Records from a data collection:

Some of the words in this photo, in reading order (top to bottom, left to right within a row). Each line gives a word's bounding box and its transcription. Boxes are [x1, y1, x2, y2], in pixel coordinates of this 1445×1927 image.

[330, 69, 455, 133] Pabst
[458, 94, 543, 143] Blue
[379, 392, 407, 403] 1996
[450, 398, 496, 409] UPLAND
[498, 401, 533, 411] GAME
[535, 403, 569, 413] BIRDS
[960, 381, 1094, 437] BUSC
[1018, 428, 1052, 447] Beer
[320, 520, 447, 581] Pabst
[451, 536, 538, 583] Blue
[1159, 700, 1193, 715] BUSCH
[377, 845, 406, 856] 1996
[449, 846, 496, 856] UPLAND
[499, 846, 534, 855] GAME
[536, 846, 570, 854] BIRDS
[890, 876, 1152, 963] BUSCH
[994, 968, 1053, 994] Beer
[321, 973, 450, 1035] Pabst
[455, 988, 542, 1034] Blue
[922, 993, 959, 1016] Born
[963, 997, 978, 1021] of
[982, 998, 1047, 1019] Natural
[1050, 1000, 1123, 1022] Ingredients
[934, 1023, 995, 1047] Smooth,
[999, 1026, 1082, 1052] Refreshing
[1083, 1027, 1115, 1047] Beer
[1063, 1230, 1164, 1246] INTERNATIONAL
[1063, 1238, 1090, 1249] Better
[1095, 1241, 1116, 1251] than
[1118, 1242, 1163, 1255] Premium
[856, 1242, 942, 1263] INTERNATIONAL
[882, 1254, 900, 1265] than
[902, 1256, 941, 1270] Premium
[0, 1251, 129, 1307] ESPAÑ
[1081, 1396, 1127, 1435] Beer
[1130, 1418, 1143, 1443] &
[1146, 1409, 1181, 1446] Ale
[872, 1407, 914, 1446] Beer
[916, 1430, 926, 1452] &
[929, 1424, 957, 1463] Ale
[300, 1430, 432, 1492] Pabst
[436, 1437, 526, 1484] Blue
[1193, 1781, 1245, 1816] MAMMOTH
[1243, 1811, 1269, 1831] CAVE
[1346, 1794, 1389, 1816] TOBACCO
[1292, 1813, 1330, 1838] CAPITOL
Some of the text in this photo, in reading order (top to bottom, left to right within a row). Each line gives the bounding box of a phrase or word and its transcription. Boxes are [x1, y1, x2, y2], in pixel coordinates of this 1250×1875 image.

- **EXERCISE DESCRIPTION**: Every record above belongs in the answer, reproduced exactly.

- **EXERCISE RESPONSE**:
Some of the words in this photo, in reading order (top to bottom, left to right within a row). Each line gives a word's bounding box and its transcription. Boxes are [x1, y1, x2, y2], in pixel coordinates of this 1445×1927 image.

[330, 69, 455, 133] Pabst
[458, 94, 543, 143] Blue
[379, 392, 407, 403] 1996
[450, 398, 496, 409] UPLAND
[498, 401, 533, 411] GAME
[535, 403, 569, 413] BIRDS
[960, 381, 1094, 437] BUSC
[1018, 428, 1052, 447] Beer
[320, 520, 447, 581] Pabst
[451, 536, 538, 583] Blue
[1159, 700, 1193, 715] BUSCH
[377, 845, 406, 856] 1996
[449, 846, 496, 856] UPLAND
[499, 846, 534, 855] GAME
[536, 846, 570, 854] BIRDS
[890, 876, 1152, 963] BUSCH
[994, 968, 1053, 994] Beer
[321, 973, 450, 1035] Pabst
[455, 988, 542, 1034] Blue
[922, 993, 959, 1016] Born
[963, 997, 978, 1021] of
[982, 998, 1047, 1019] Natural
[1050, 1000, 1123, 1022] Ingredients
[934, 1023, 995, 1047] Smooth,
[999, 1026, 1082, 1052] Refreshing
[1083, 1027, 1115, 1047] Beer
[1063, 1230, 1164, 1246] INTERNATIONAL
[1063, 1238, 1090, 1249] Better
[1095, 1241, 1116, 1251] than
[1118, 1242, 1163, 1255] Premium
[856, 1242, 942, 1263] INTERNATIONAL
[882, 1254, 900, 1265] than
[902, 1256, 941, 1270] Premium
[0, 1251, 129, 1307] ESPAÑ
[1081, 1396, 1127, 1435] Beer
[1130, 1418, 1143, 1443] &
[1146, 1409, 1181, 1446] Ale
[872, 1407, 914, 1446] Beer
[916, 1430, 926, 1452] &
[929, 1424, 957, 1463] Ale
[300, 1430, 432, 1492] Pabst
[436, 1437, 526, 1484] Blue
[1193, 1781, 1245, 1816] MAMMOTH
[1243, 1811, 1269, 1831] CAVE
[1346, 1794, 1389, 1816] TOBACCO
[1292, 1813, 1330, 1838] CAPITOL
Some of the text in this photo, in reading order (top to bottom, left to right within a row). Each line gives the bounding box of a phrase or word and its transcription. Boxes are [x1, y1, x2, y2], in pixel coordinates of this 1250×1875 image.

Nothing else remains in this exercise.